This cake is super simple. I love exploring the Internet, looking for good ideas. This is one from several years ago. On-line, it’s called Plum Torte. See, I can never leave well enough alone.

1/2 cup softened butter

¾ cup granulated sugar plus 1 to 2 tablespoons to be sprinkled on before baking

Cream butter and sugar in a large bowl of an electric mixer until fluffy and light in color.

2 eggs

Add eggs, 1 at a time, scraping down after each addition.

1 cup flour

1 teaspoon baking powder

½ teaspoon kosher salt

Combine flour, baking powder and salt in small bowl.

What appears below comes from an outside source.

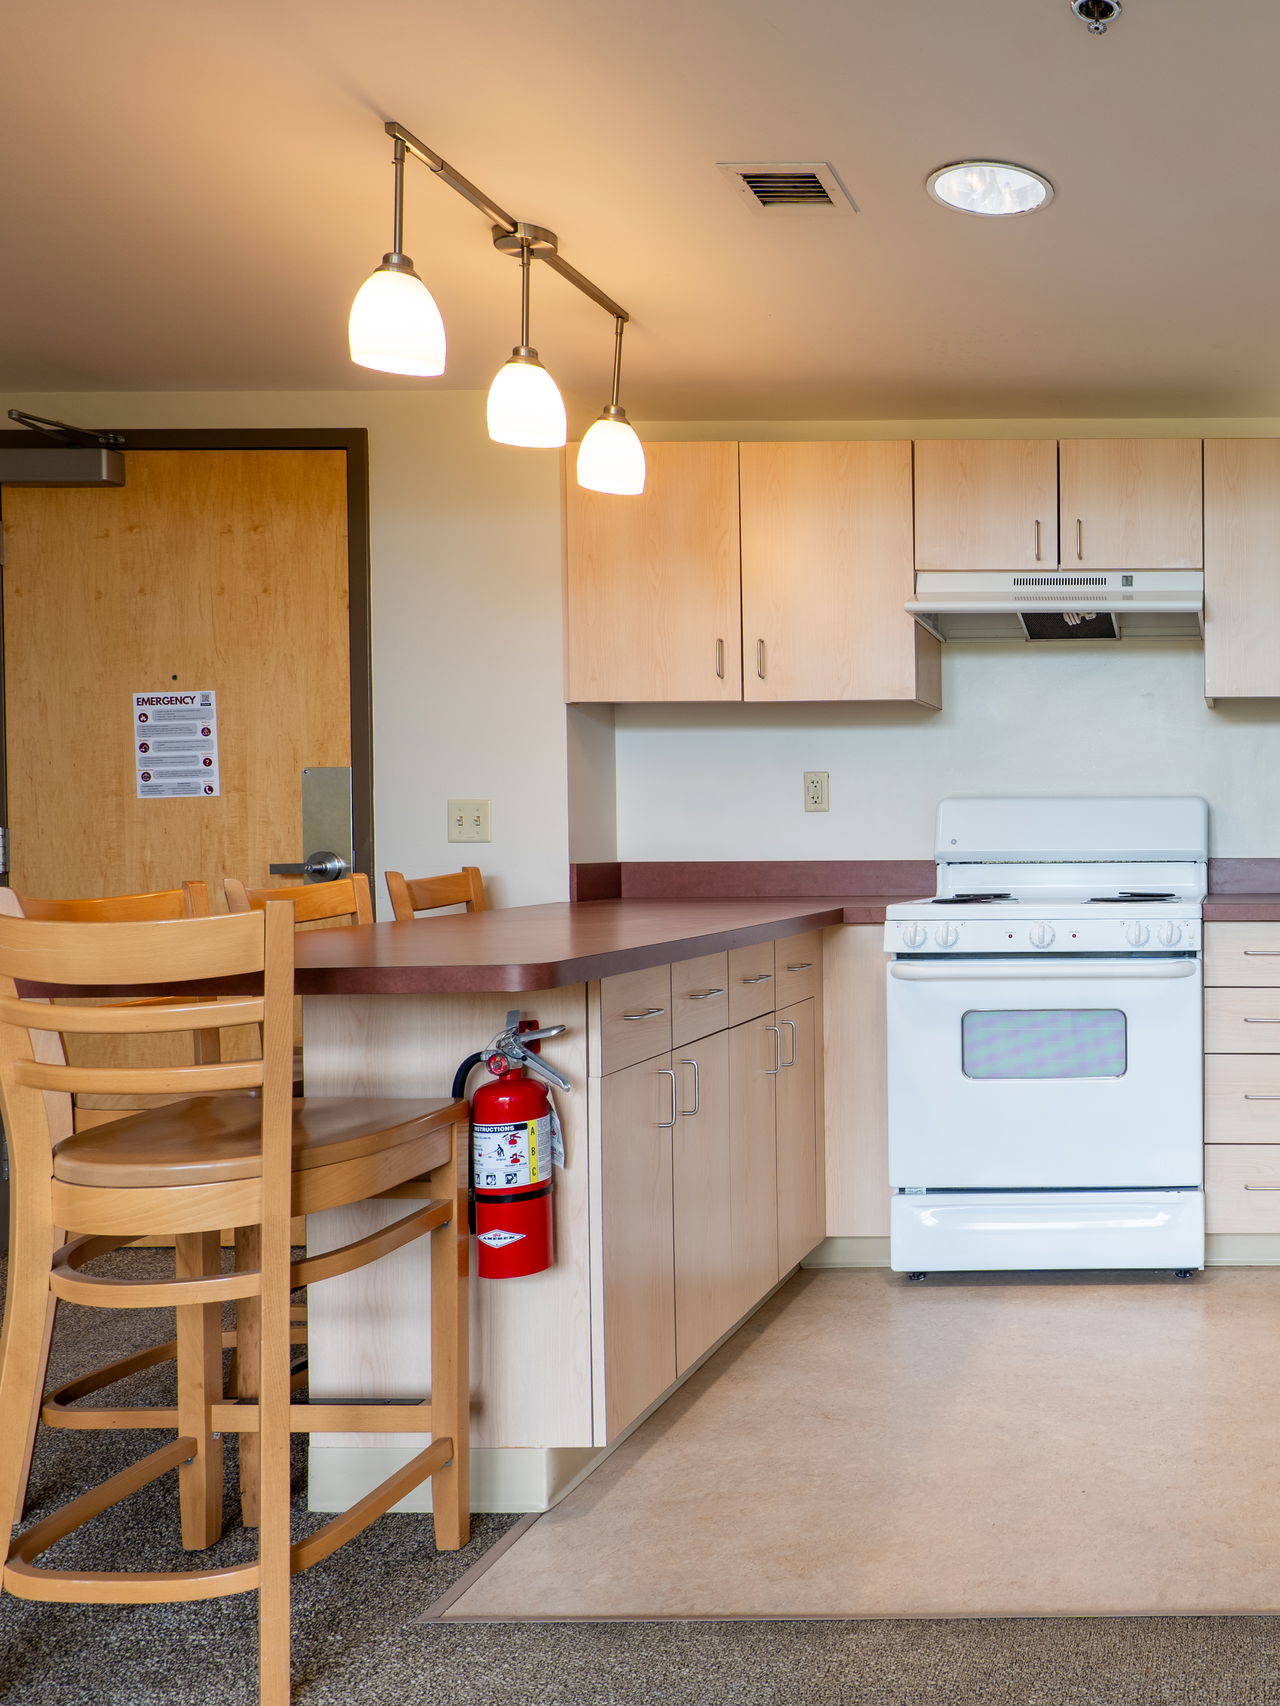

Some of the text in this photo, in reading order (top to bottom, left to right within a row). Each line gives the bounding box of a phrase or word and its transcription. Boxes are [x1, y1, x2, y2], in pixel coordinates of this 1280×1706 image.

Add dry ingredients to wet ingredients, mix until just combined.

Spread in a lightly greased 9 inch springform pan.

Nectarines. 2 to 3 in all depending on nectarine size, sliced

2 teaspoons lemon juice

1 teaspoon cinnamon

Arrange cut nectarines on top of batter, skin side up, covering batter.

Sprinkle with lemon juice, then the cinnamon and then the remaining sugar.

Bake at 350 degrees, until cake is golden, approximately 45 to 50 minutes.  Cool before serving.

*****From the Recipe Box:

This is a simple cake and you will love it. It’s easy to assemble and really good to eat.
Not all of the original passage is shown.